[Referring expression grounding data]
○ ○ ○ ○ ○

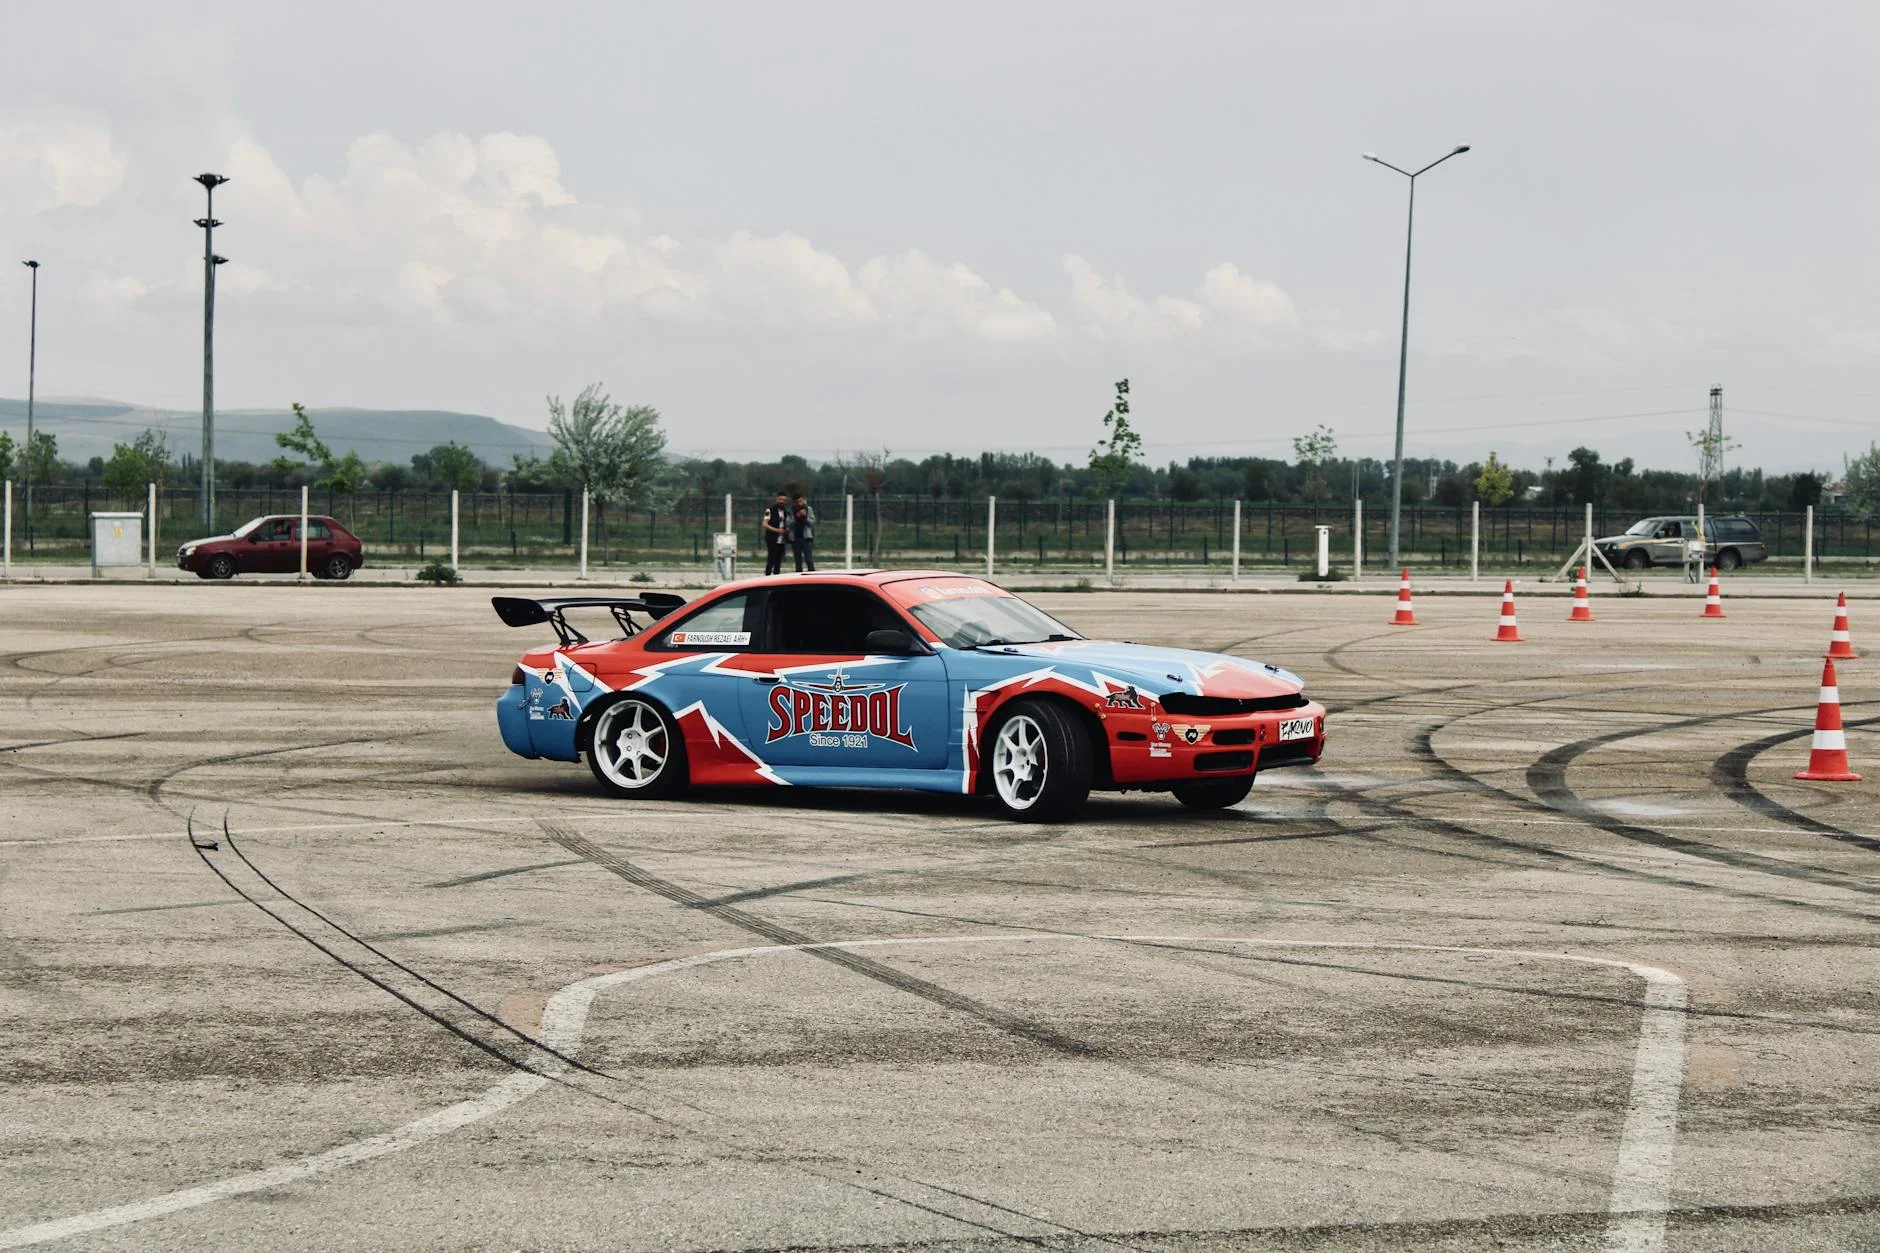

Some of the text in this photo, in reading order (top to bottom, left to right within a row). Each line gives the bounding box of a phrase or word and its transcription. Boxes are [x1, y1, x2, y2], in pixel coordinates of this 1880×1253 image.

[765, 682, 918, 752] SPEEDOL
[810, 734, 868, 748] Since 1921
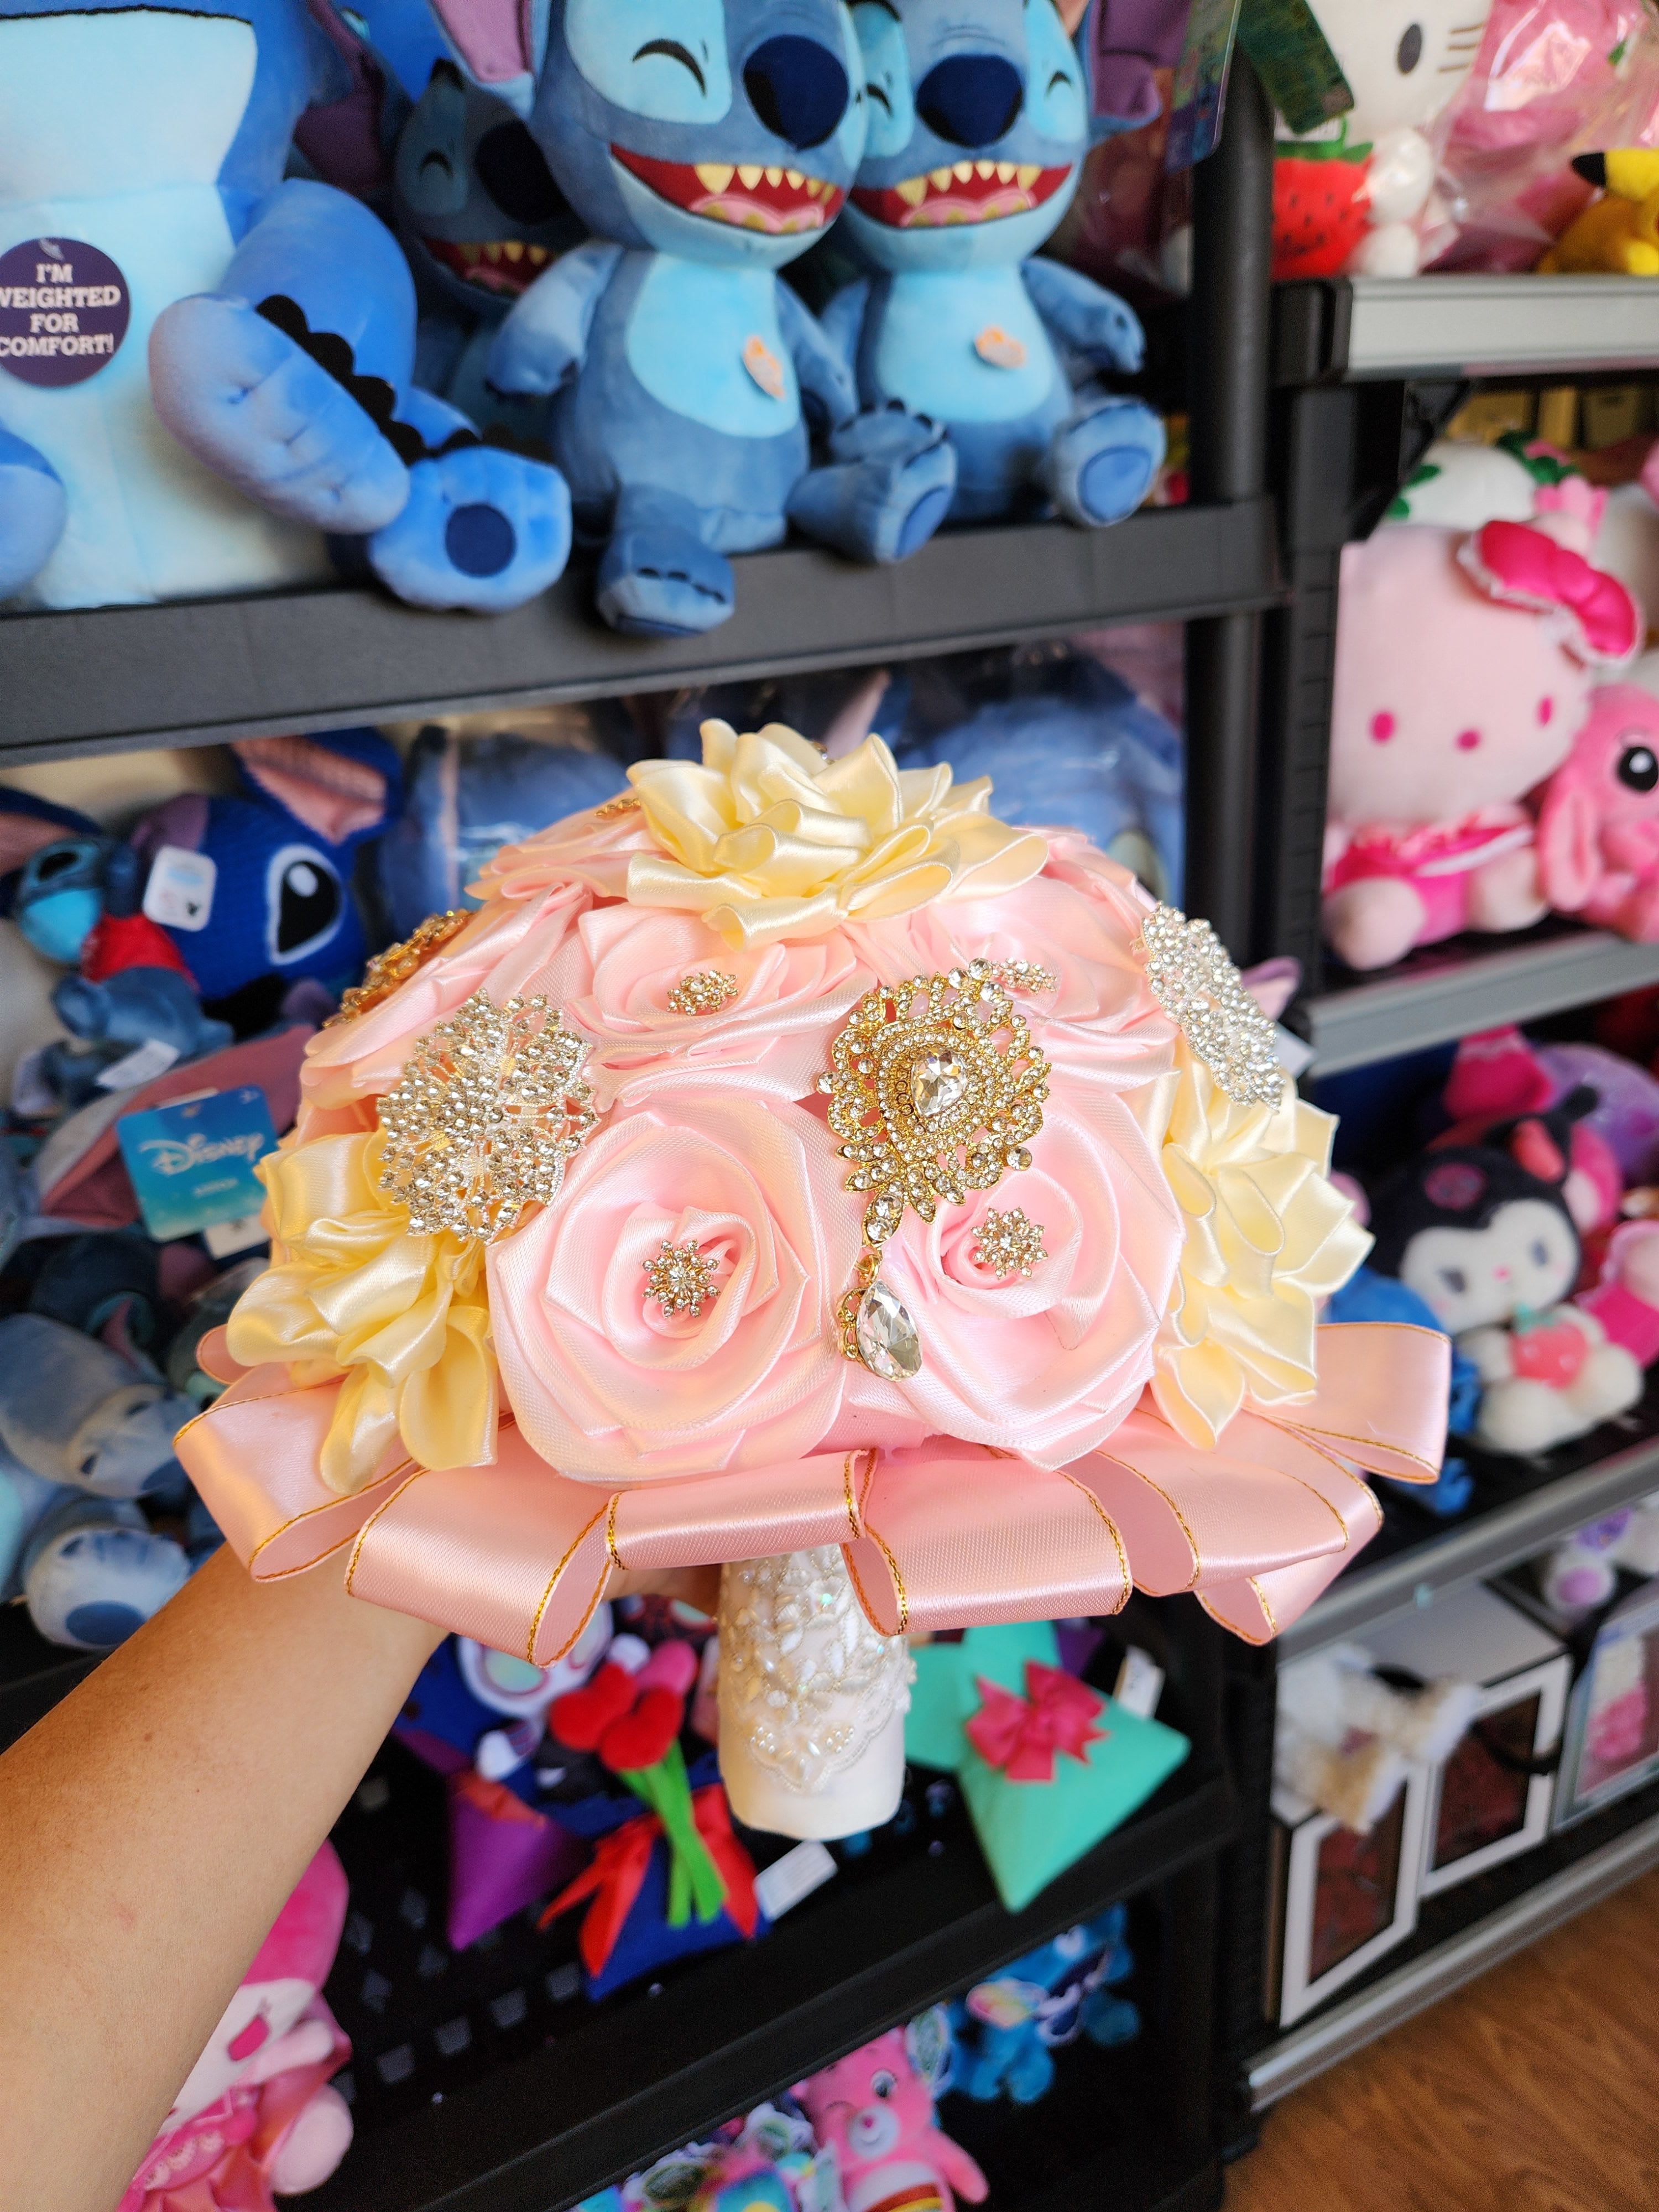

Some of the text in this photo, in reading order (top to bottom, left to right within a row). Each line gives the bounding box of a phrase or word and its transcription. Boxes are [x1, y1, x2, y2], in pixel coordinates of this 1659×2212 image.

[36, 263, 74, 283] I'M
[30, 313, 80, 333] FOR
[0, 333, 114, 357] COMFORT!
[139, 1133, 265, 1176] Disney

○ ○ ○ ○ ○

### ACTION ITEM
Going from the line that contains "this 1659×2212 image." to the last line of the records, reproduce every line as written.

### ANSWER FOR THE TASK
Some of the text in this photo, in reading order (top to bottom, left to right within a row). Each line gives the bounding box of a phrase or word and its transcription. Boxes are [x1, y1, x2, y2], in pixel coordinates of this 1659×2212 image.

[36, 263, 74, 283] I'M
[30, 313, 80, 333] FOR
[0, 333, 114, 357] COMFORT!
[139, 1133, 265, 1176] Disney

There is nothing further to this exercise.